(YOUR ASSIGNMENT) The response should be an exact transcription of the data below, free of images.

Saved entries
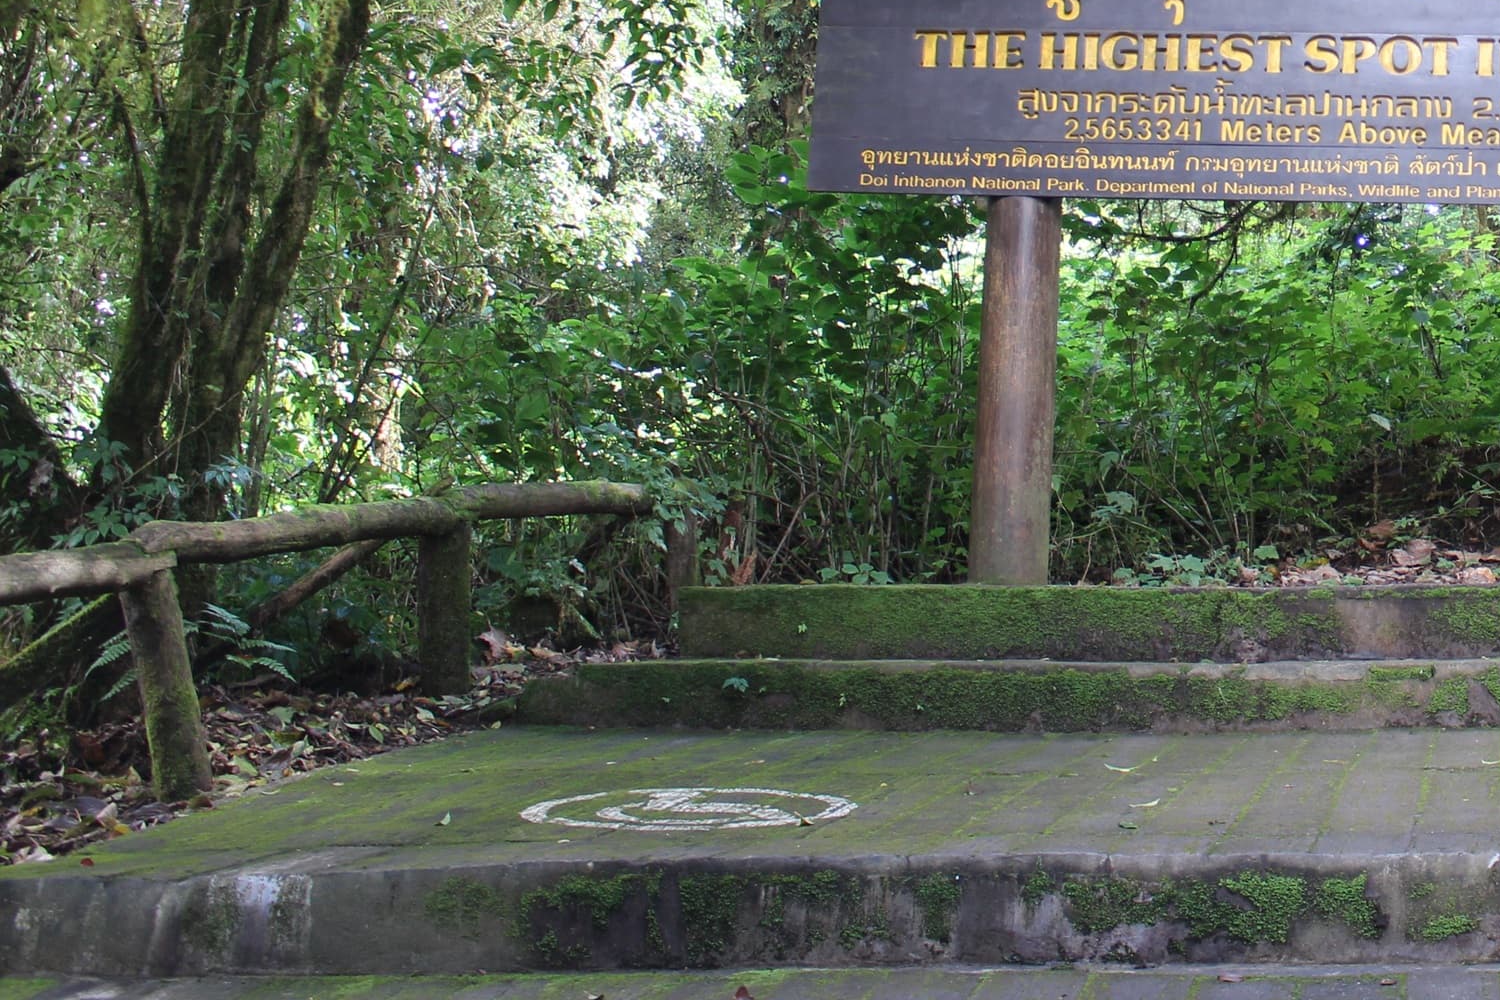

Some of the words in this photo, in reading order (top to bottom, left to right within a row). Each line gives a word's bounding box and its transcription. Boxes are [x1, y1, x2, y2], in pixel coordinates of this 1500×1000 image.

[914, 30, 1026, 69] THE
[1039, 30, 1292, 73] HIGHEST
[1304, 34, 1458, 76] SPOT
[1016, 77, 1452, 120] สูงจากระดับน้ำทะเลปานกลาง
[1220, 118, 1321, 144] Meters
[1338, 122, 1427, 147] Above
[860, 146, 1178, 170] อุทยานแห่งชาติดอยอินทนนท์
[1185, 155, 1400, 179] กรมอุทยานแห่งชาติ
[1409, 152, 1487, 177] สัตว์ป่า
[859, 174, 888, 188] Doi
[894, 175, 966, 190] Inthanon
[972, 177, 1041, 191] National
[1096, 179, 1195, 195] Department
[1202, 181, 1218, 193] of
[1224, 182, 1294, 195] National
[1358, 185, 1420, 198] Wildlife
[1427, 186, 1460, 198] and
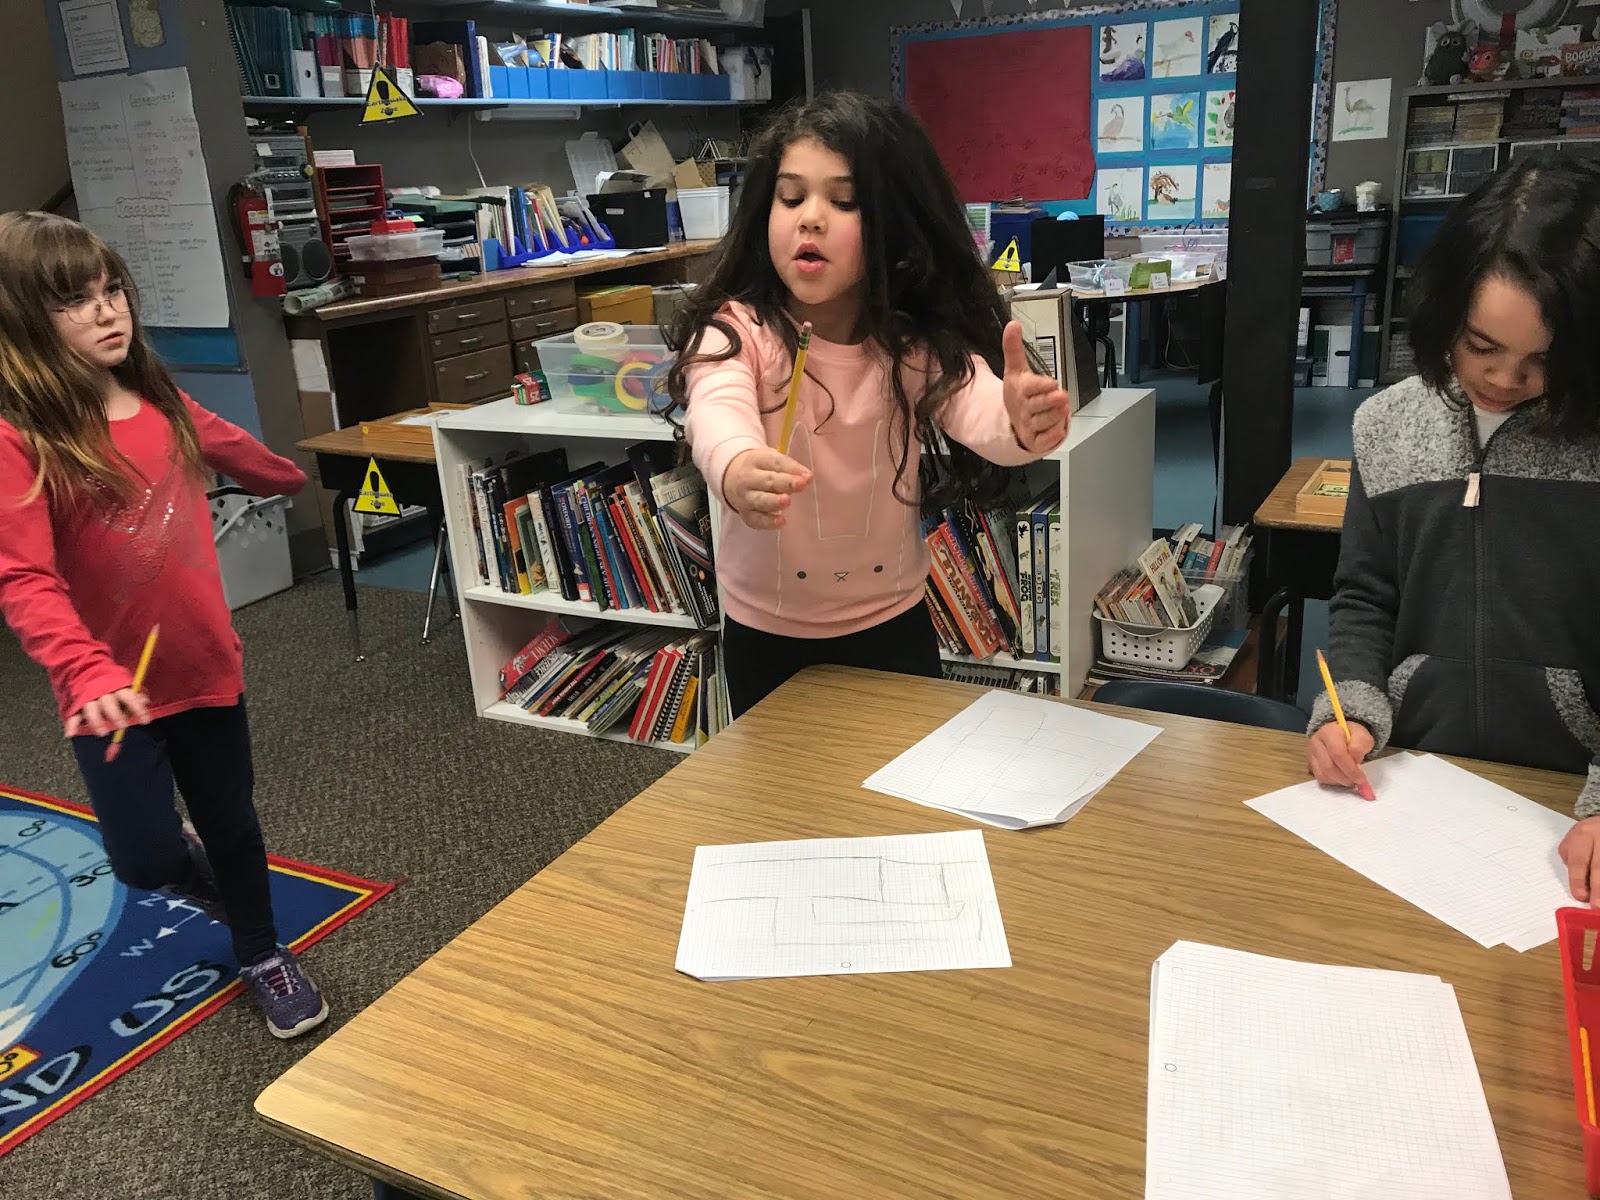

(OUTPUT)
Some of the words in this photo, in reading order (top to bottom, left to right within a row). Each line gives a word's bounding box and its transcription. Boxes are [x1, y1, x2, y2], in pixel coordinates of this 1500×1000 image.

[914, 30, 1026, 69] THE
[1039, 30, 1292, 73] HIGHEST
[1304, 34, 1458, 76] SPOT
[1016, 77, 1452, 120] สูงจากระดับน้ำทะเลปานกลาง
[1220, 118, 1321, 144] Meters
[1338, 122, 1427, 147] Above
[860, 146, 1178, 170] อุทยานแห่งชาติดอยอินทนนท์
[1185, 155, 1400, 179] กรมอุทยานแห่งชาติ
[1409, 152, 1487, 177] สัตว์ป่า
[859, 174, 888, 188] Doi
[894, 175, 966, 190] Inthanon
[972, 177, 1041, 191] National
[1096, 179, 1195, 195] Department
[1202, 181, 1218, 193] of
[1224, 182, 1294, 195] National
[1358, 185, 1420, 198] Wildlife
[1427, 186, 1460, 198] and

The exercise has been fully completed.